Over 133 million Nigerians remain multidimensionally poor, per the National Bureau of Statistics. That’s more than 60 percent of the population living without access to quality healthcare, education, clean water, or decent housing. The World Bank puts the figure of those living below the monetary poverty line at 104 million, a staggering indictment of an economic system that grows but does not distribute.

And in Nigeria, poverty is not merely the absence of income. It is the presence of danger. Insecurity has strangled the nation’s agricultural belt. From bandit-infested Zamfara to insurgency-ravaged Benue, farmers are abandoning their fields, fleeing for their lives. This has collapsed rural supply chains and pushed up prices in urban markets. We are not just dealing with inflation; we are witnessing structural famine disguised as a policy side effect.

How can a nation claim recovery when children are going to bed hungry, when hospital queues stretch for hours without medication, and when schools are crumbling and teachers, unpaid? When insecurity drive farmers off their land and urban dwellers into despair?

This disconnect between data and dignity is the central moral failure of the current reform process.

Public trust is thinning. The government celebrates its ratings while citizens question their reality. Investor confidence may be back, but citizen confidence is fraying.

Read also: Why Nigeria’s food crisis is self-inflicted

There is danger here. A recovery that lifts only markets but not people is a recovery that will not last. Social frustration is cumulative. When citizens cannot reconcile official optimism with lived hardship, cynicism hardens. And where cynicism grows, so does the space for populism, unrest, and resistance.

Growth without equity is a fragile illusion. It is not enough to stabilise the naira or impress the IMF. We must restore faith in the Nigerian project by making reform a path to relief, not pain.

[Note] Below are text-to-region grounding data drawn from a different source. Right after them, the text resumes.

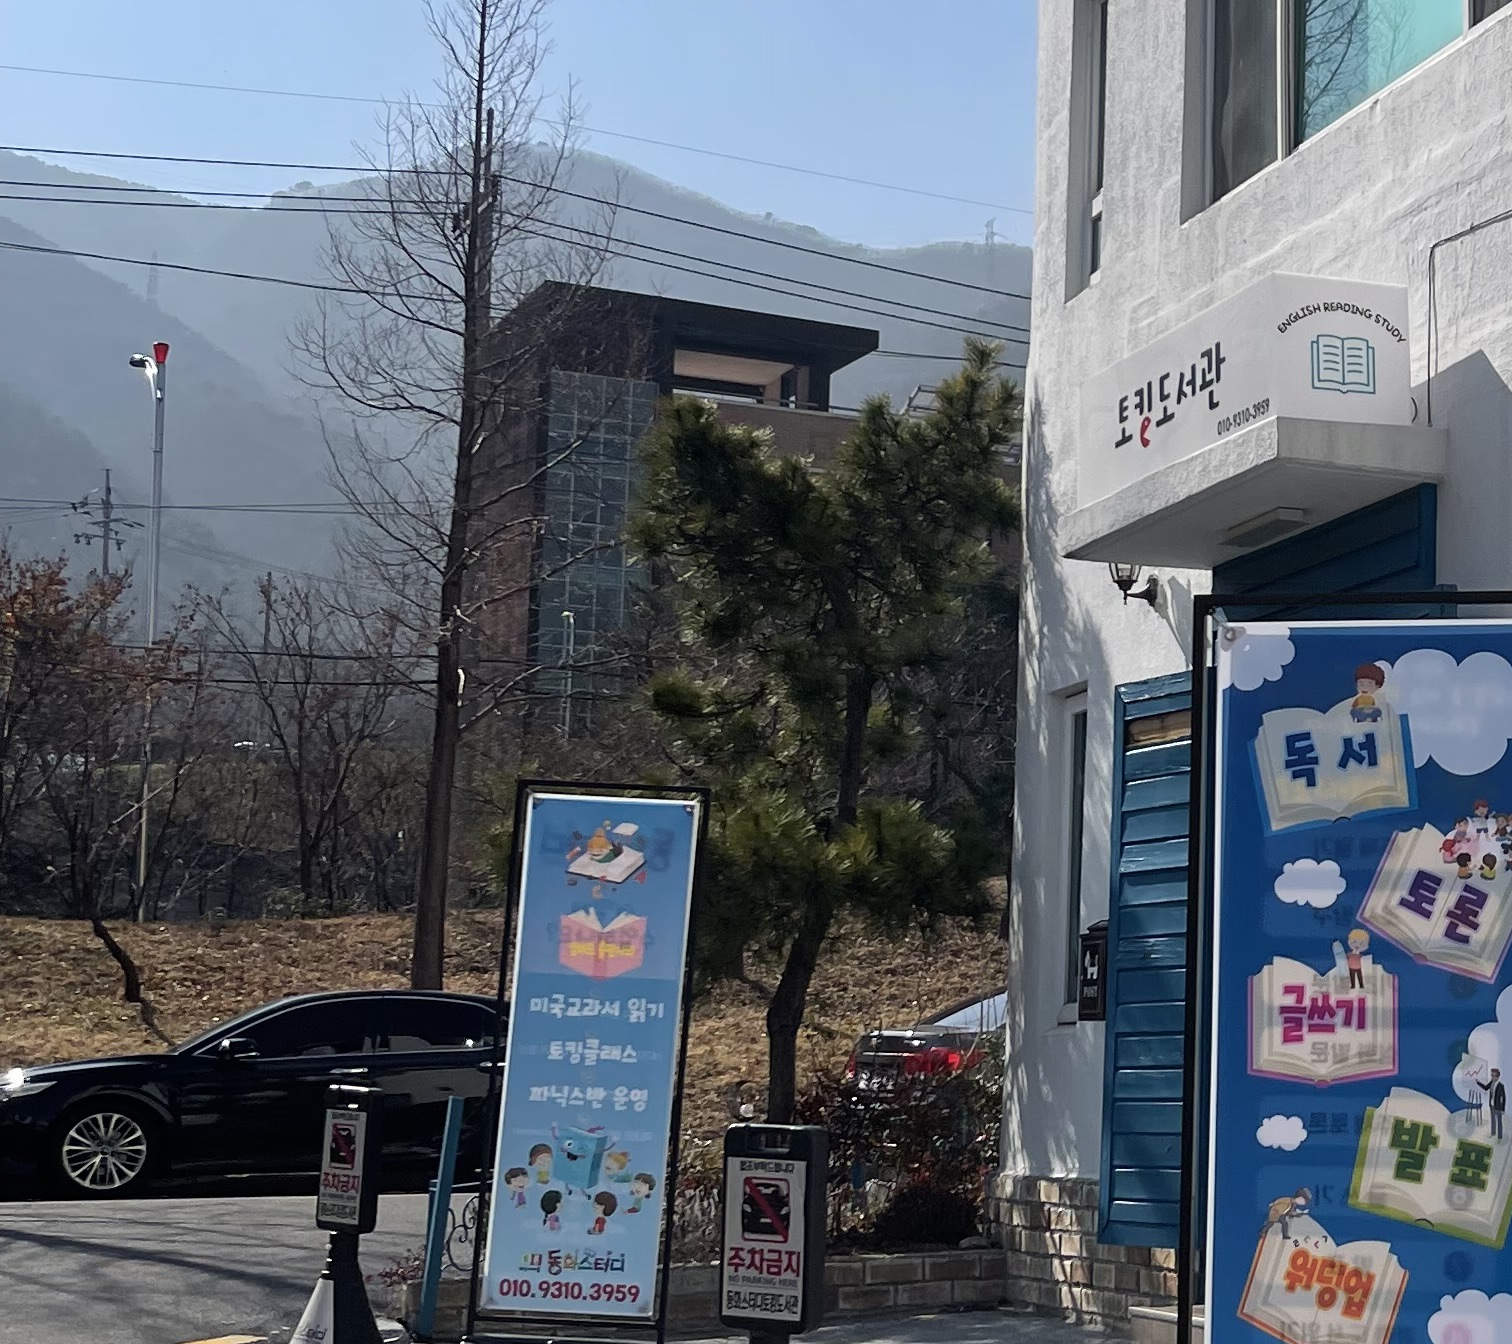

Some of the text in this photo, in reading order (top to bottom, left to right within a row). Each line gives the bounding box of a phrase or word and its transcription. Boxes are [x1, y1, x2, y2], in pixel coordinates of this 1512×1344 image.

[1277, 302, 1407, 343] ENGLISH READING STUDY
[1115, 341, 1226, 448] 토킹도서관
[1217, 397, 1270, 436] 010-9310-3959
[1399, 867, 1490, 945] 토론
[529, 994, 664, 1023] 미국교과서 읽기
[1278, 983, 1367, 1044] 글쓰기
[547, 1038, 638, 1066] 토킹클래스
[613, 1086, 649, 1112] 운영
[547, 1248, 626, 1276] 동화스터디
[727, 1246, 801, 1278] 주차금지
[499, 1278, 641, 1303] 010.9310.3959
[1282, 1245, 1377, 1320] 워딩업

Now is the time for a deliberate pivot from macroeconomic discipline to microeconomic inclusion. The gains of H1 2025 must not be squandered in H2. This next chapter must be written in the language of people, not just portfolios.

What does that look like?

  • Targeted social protection: Expand cash transfer programs, fund school feeding initiatives, and subsidise maternal and child healthcare. Let the poor feel seen and supported.
  • Inclusive infrastructure: Prioritise rural roads, solar-powered clinics, and agro-logistics hubs. These investments unlock productivity, reduce prices, and connect the disconnected.
  • FX savings with a human face: Use the gains from exchange rate reforms to subsidise fertiliser, food staples, and energy for low-income communities, not to finance elite comforts.
  • Tax with justice: Progressive taxation must guide implementation. Widen the tax net without trapping the poor. Compliance will grow when citizens feel value, not just a burden.

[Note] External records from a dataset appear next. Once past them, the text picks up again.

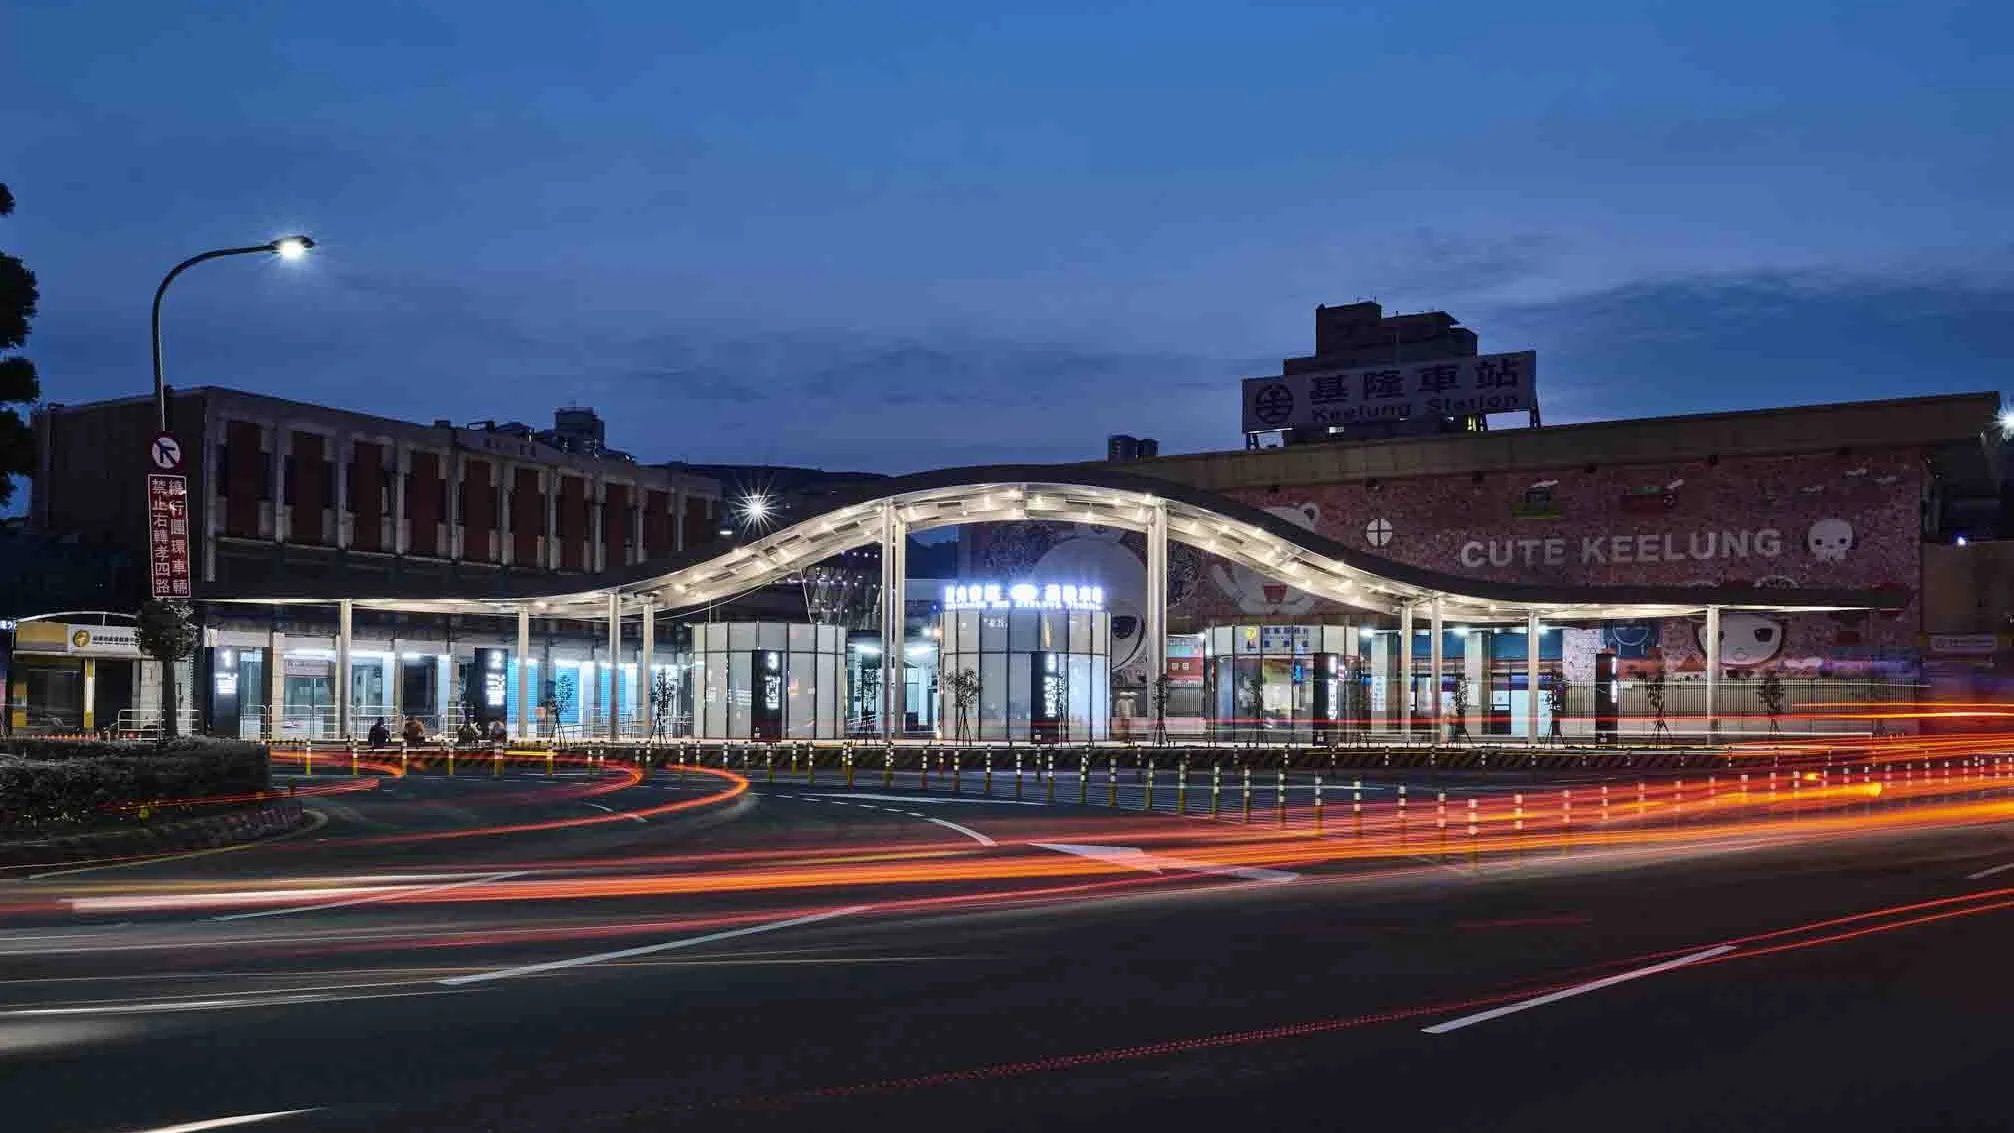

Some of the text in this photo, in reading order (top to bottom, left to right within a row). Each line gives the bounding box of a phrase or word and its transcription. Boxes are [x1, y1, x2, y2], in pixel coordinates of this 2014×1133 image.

[1310, 358, 1521, 404] 基隆車站
[1311, 394, 1519, 424] Keelung Station
[151, 478, 171, 594] 禁止右轉孝四路
[1460, 527, 1782, 568] CUTE KEELUNG
[221, 649, 232, 667] 1

These are not radical ideas. They are common sense. And they are urgently needed.

What Nigeria needs now is a new metric for progress, a dashboard that measures not just inflation and debt service, but food affordability, school enrolment, maternal survival, job creation, and public trust.

Read also: Fuelling growth: How Dangote refinery is rewriting Nigeria’s economic story

Reforms must walk into the lives of citizens and make a difference that can be felt. Only then will they be real. Only then will they be trusted. Only then will they be sustainable.

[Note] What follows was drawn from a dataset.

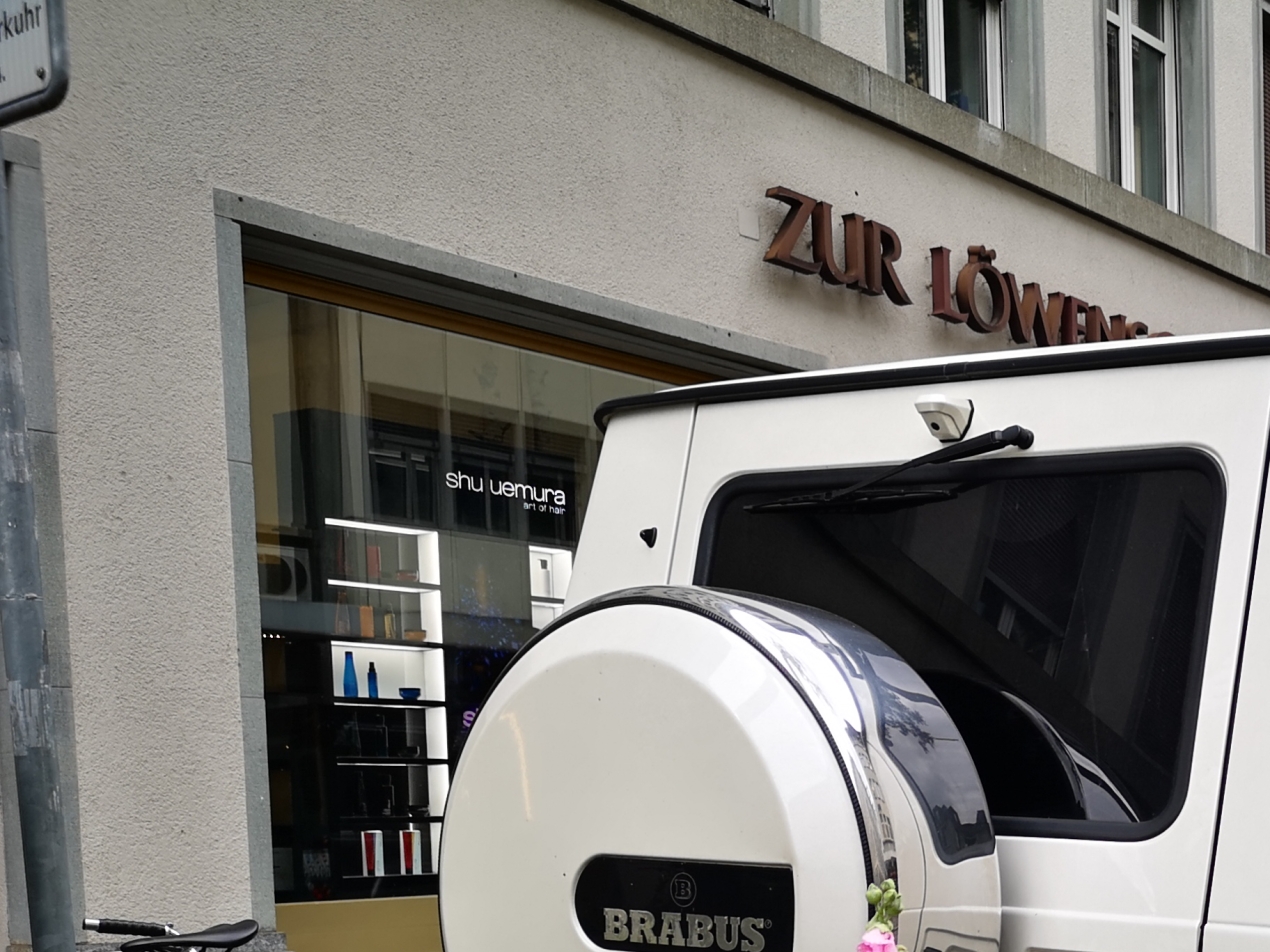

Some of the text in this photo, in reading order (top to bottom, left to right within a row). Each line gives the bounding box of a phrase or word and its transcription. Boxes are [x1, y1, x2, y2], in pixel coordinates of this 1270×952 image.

Because in the end, data without dignity is noise. But when policy meets people, when children are fed, when farmers are safe, when workers can earn and dream again, that is the true revolution.

Nigeria does not lack brilliance. What it needs now is a balance between numbers and humanity, growth and equity, and reform and relief.

Mr. President, Ministers, Governors: in H2 2025, let us not just chase economic targets. Let us restore lives.

That is the only metric that truly matters.